Ofuscados y con la mente obturada por las circunstancias perdemos nociones y perspectiva y tenemos la sensación de que no hay nadie más desdichado -no importa cuán banal sea el motivo de nuestra desdicha-, que no hay sufrimiento que se le compare –independientemente del motivo por el que suframos- y parecemos otorgar la condición de irreversible a cuestiones menores o mayores, dependerá, pero casi seguro carentes del carácter de irreversibilidad que le adjudicamos: en el fondo, o no tanto, sabemos perfectamente qué es lo único de verdad irreversible.
Respirando hondo, un rapto de cordura nos alcanza, como un rayo implacable, y esas certezas irreductibles empiezan a desmoronarse; de a poco la negrura que nos envolvía se va disolviendo hasta dar paso a un gris oscuro primero y después más y más claro, convirtiéndose paulatinamente en una luz casi blanca.

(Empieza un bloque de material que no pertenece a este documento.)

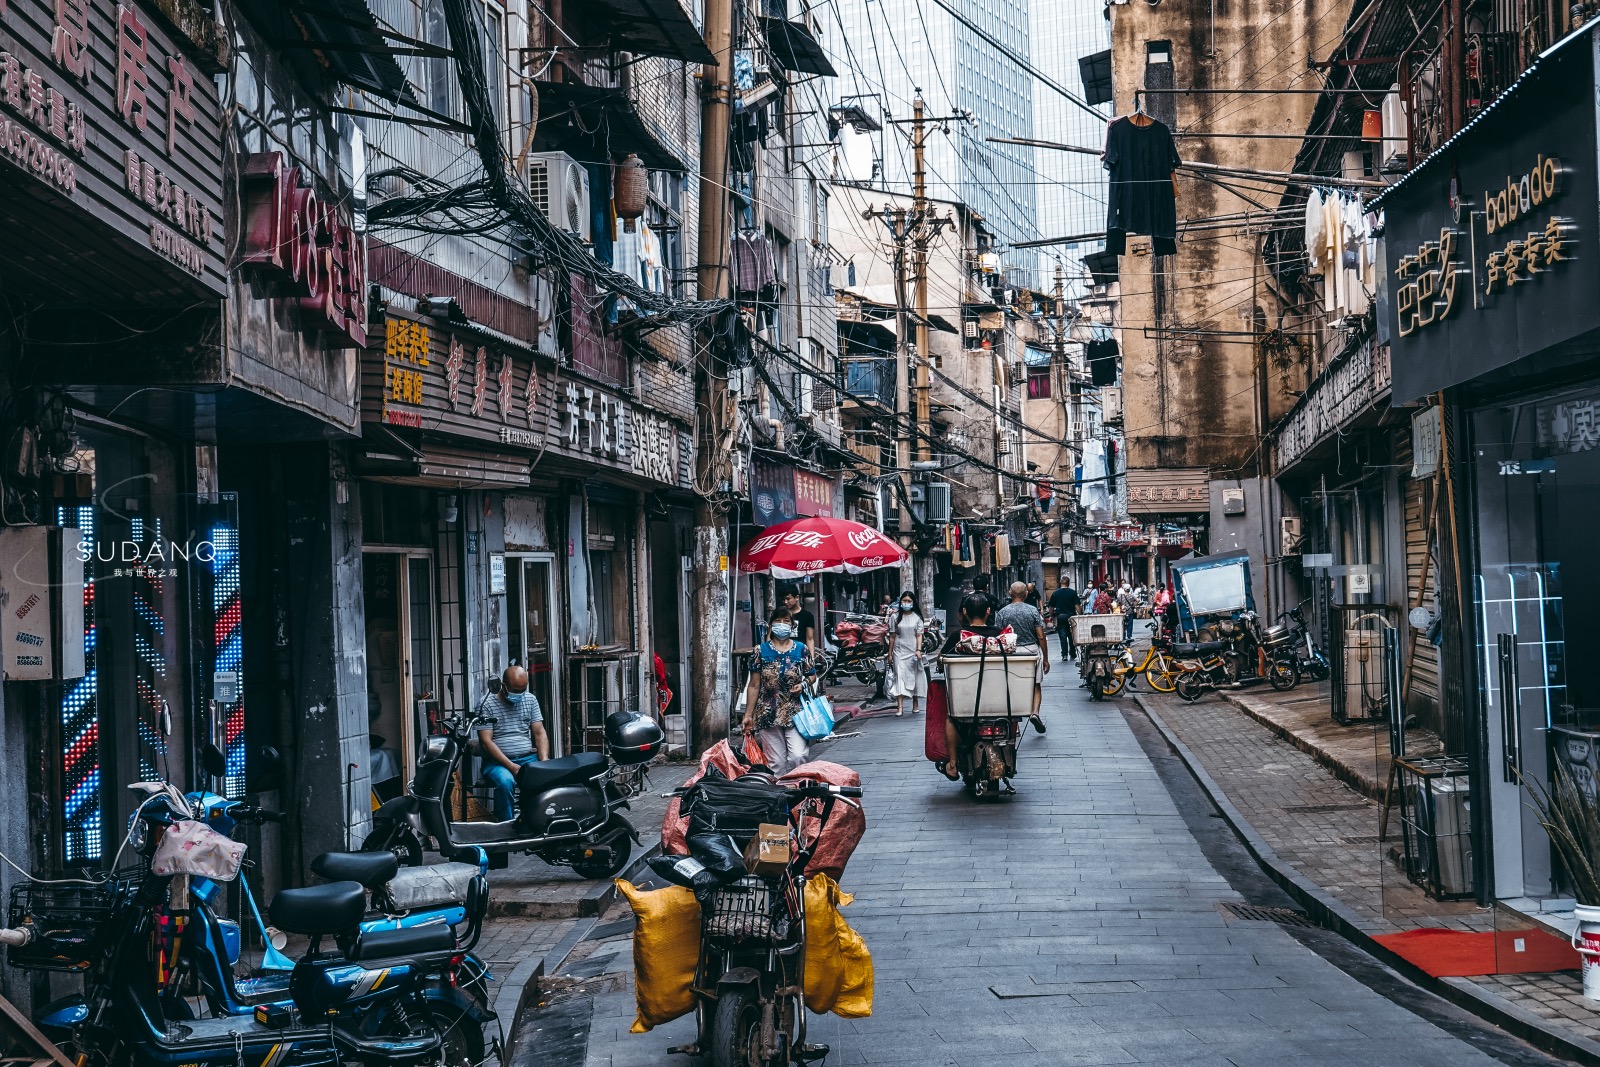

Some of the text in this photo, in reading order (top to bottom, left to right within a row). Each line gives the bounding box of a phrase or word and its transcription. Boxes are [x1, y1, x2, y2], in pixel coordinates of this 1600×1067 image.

Vienen a la memoria unas palabras, recordaremos después que son de Rilke, con una exhortación tranquilizadora: “Deja que todo te suceda: la belleza y el terror. Sólo sigue adelante. Ningún sentimiento es definitivo”.
Con el alma aquietada, reparamos en un dato: es 21 de septiembre. Una convención, quizá, un día igual a cualquier otro más allá del calendario. Pero entonces aparece Neruda. “Podrán cortar todas las flores, pero no podrán detener la primavera”, susurra, desde esa brisa que es caricia, abrazo y refugio.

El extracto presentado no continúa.